Is Your Fiction Big Enough?
“I love the craft of fiction––the tools and techniques we apply to the parts or the whole of our stories. To help the books live and breathe and connect with readers.
There are techniques that apply to the things we can do, and others that help us identify things we ought to avoid. I call this latter group ‘speed bumps.’ The reader may not notice them consciously, but in subtle ways they interrupt the fictive dream. They are often the difference between a reader thinking, ‘That book was pretty good’ and ‘Wow! That blew me away!’
And then there’s a quality we can bring to our fiction that I haven’t really seen addressed before. It came to me one day when reading a story by the famous (and doomed) pulp writer Robert E. Howard.

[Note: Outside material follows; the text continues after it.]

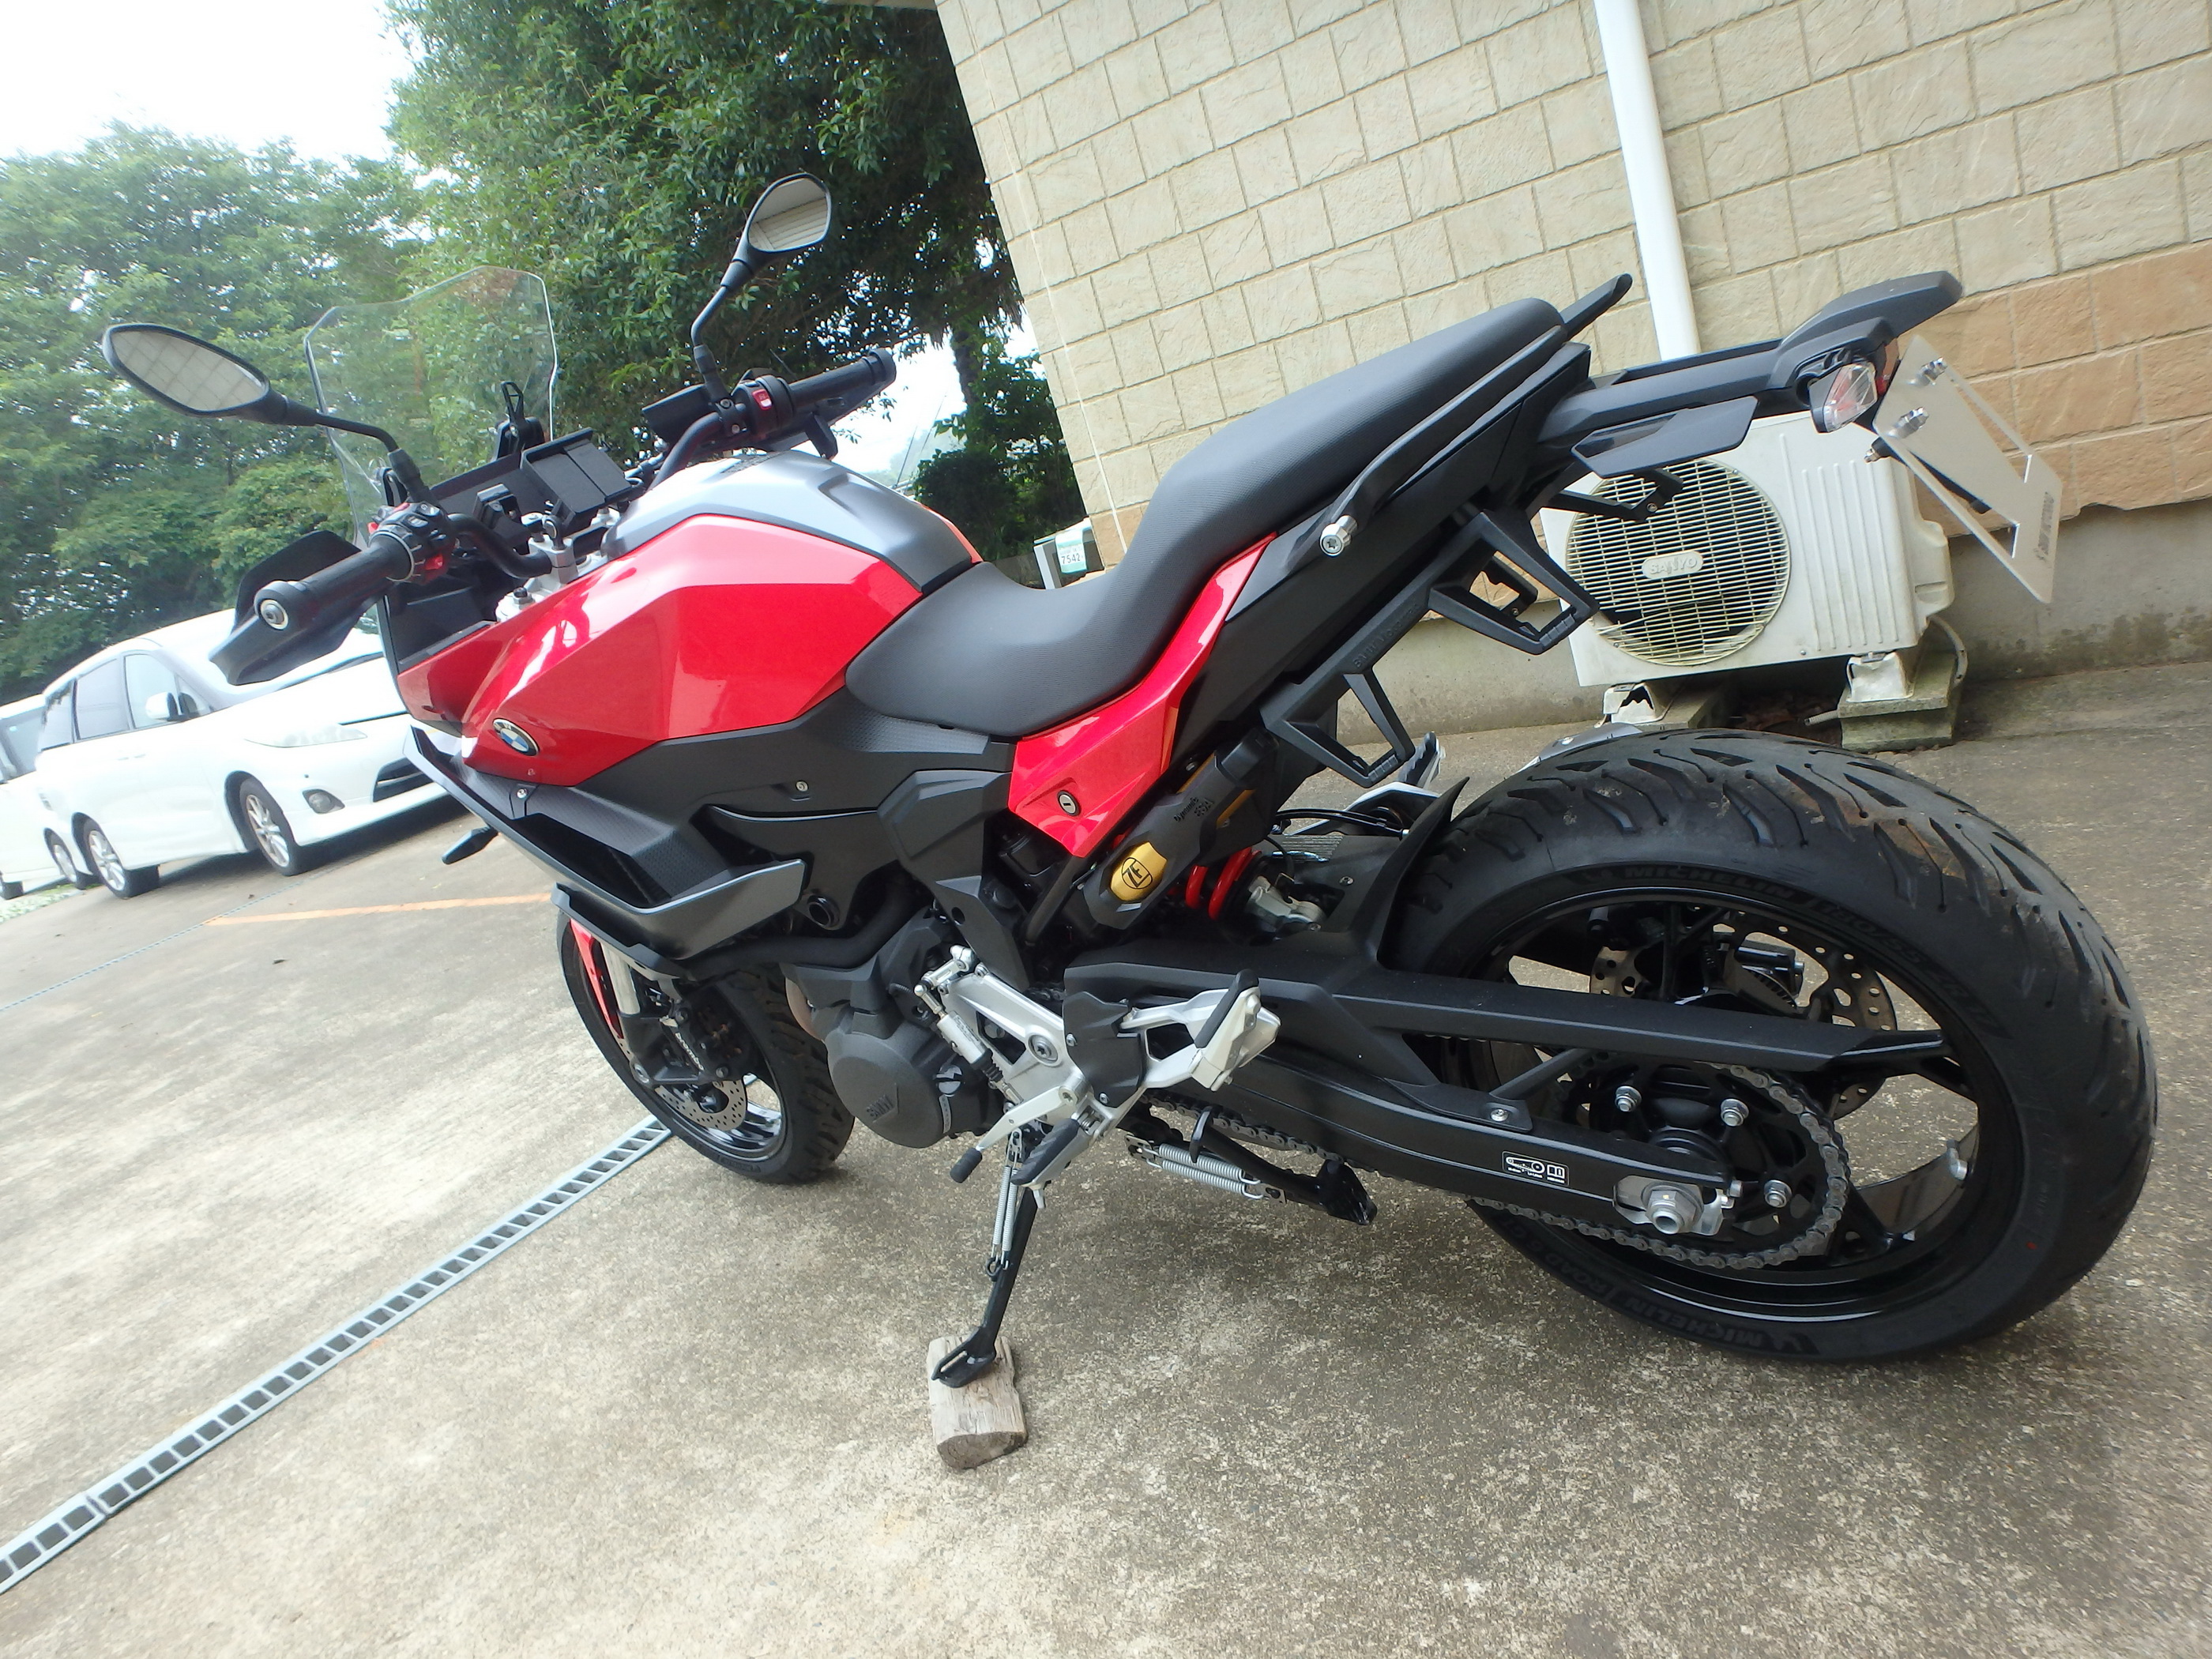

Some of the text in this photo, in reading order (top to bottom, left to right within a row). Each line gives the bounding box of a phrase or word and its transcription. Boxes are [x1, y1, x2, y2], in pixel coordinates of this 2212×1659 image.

For want of a better term, I call it the quality of bigness…
So! How does one write big? Here’s the good news: you’ve already got what it takes. It’s inside you. Every writer has the capacity for bigness. What we need are ways to get it out of ourselves and onto the page. Here are a few suggestions:
1. Open Your Chest
You’ve no doubt heard the writing axiom that counsels sitting down at the typewriter and opening a vein. But I say bleeding is not enough. You’ve got to crack open your chest. You’ve got to create the feeling that you’re letting everything in and not holding anything back when you write.
Don’t think your way through a scene; explode your way through it. You’ll have plenty of time for editing later.
(By the way, Hemingway never said anything remotely like, ‘Sit down at the typewriter and bleed.’ So don’t forward that meme! It was actually the great sportswriter Red Smith who said it).”